> **EXERCISE OBJECTIVE**: Without including any pictures, write out all the records word for word.

==== PROVIDED MATERIAL ====

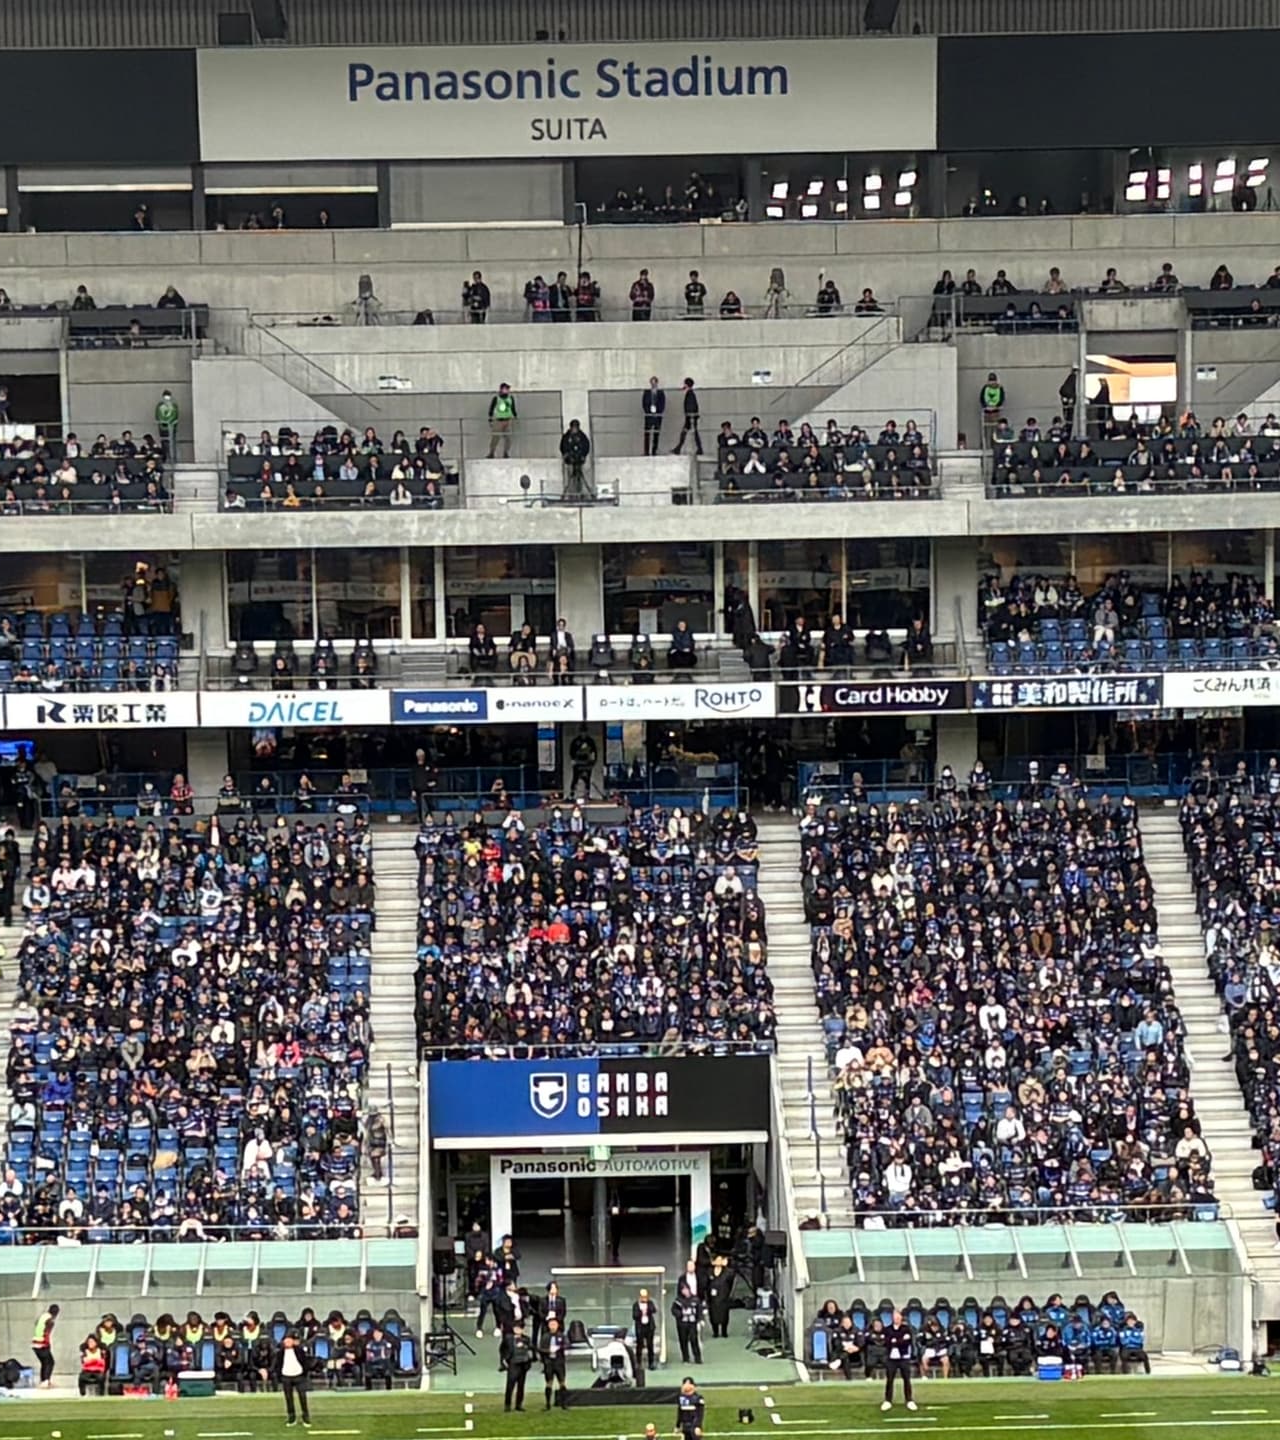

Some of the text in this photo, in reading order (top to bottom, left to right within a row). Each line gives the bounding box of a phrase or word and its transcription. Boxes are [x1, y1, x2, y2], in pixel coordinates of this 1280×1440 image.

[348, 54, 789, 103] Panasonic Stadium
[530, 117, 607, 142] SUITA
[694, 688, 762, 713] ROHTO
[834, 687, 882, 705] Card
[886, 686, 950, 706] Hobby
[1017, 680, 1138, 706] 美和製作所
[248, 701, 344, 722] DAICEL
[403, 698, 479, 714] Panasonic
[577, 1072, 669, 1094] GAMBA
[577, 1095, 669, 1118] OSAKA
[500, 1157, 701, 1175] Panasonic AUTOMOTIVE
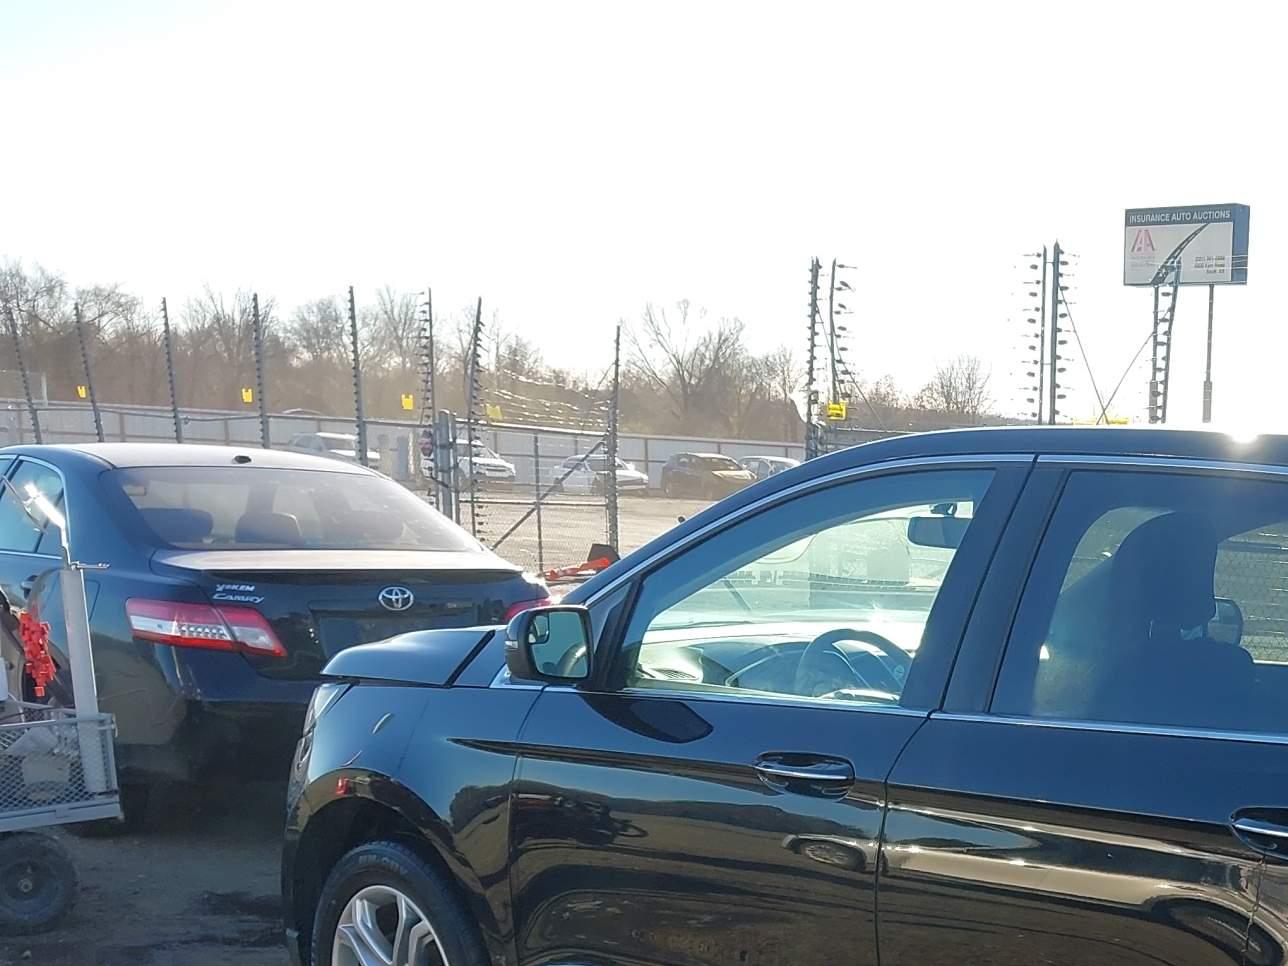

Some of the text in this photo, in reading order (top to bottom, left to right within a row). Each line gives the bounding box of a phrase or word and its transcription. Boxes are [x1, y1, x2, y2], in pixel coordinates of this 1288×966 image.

====

> **ANSWER TO THE PROBLEM**:
Some of the text in this photo, in reading order (top to bottom, left to right within a row). Each line gives the bounding box of a phrase or word and its transcription. Boxes are [x1, y1, x2, y2], in pixel coordinates of this 1280×1440 image.

[348, 54, 789, 103] Panasonic Stadium
[530, 117, 607, 142] SUITA
[694, 688, 762, 713] ROHTO
[834, 687, 882, 705] Card
[886, 686, 950, 706] Hobby
[1017, 680, 1138, 706] 美和製作所
[248, 701, 344, 722] DAICEL
[403, 698, 479, 714] Panasonic
[577, 1072, 669, 1094] GAMBA
[577, 1095, 669, 1118] OSAKA
[500, 1157, 701, 1175] Panasonic AUTOMOTIVE

Some of the text in this photo, in reading order (top to bottom, left to right within a row). Each line gives the bounding box of a phrase or word and its transcription. Boxes are [x1, y1, x2, y2], in pixel coordinates of this 1288×966 image.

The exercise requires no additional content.